Data listing →
=== Section Start ===
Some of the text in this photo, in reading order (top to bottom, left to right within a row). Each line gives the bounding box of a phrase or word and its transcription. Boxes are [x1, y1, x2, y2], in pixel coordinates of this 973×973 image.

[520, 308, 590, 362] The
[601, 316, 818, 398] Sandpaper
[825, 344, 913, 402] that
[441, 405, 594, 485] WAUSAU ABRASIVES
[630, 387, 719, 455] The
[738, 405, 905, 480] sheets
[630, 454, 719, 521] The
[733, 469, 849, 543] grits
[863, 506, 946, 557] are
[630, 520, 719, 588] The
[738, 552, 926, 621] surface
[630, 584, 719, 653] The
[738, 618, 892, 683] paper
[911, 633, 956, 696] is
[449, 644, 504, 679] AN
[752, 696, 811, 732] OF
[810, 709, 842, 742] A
=== Section End ===
Work to be completed →
Word for word, set down all of the records above.

Answer to the problem →
Some of the text in this photo, in reading order (top to bottom, left to right within a row). Each line gives the bounding box of a phrase or word and its transcription. Boxes are [x1, y1, x2, y2], in pixel coordinates of this 973×973 image.

[520, 308, 590, 362] The
[601, 316, 818, 398] Sandpaper
[825, 344, 913, 402] that
[441, 405, 594, 485] WAUSAU ABRASIVES
[630, 387, 719, 455] The
[738, 405, 905, 480] sheets
[630, 454, 719, 521] The
[733, 469, 849, 543] grits
[863, 506, 946, 557] are
[630, 520, 719, 588] The
[738, 552, 926, 621] surface
[630, 584, 719, 653] The
[738, 618, 892, 683] paper
[911, 633, 956, 696] is
[449, 644, 504, 679] AN
[752, 696, 811, 732] OF
[810, 709, 842, 742] A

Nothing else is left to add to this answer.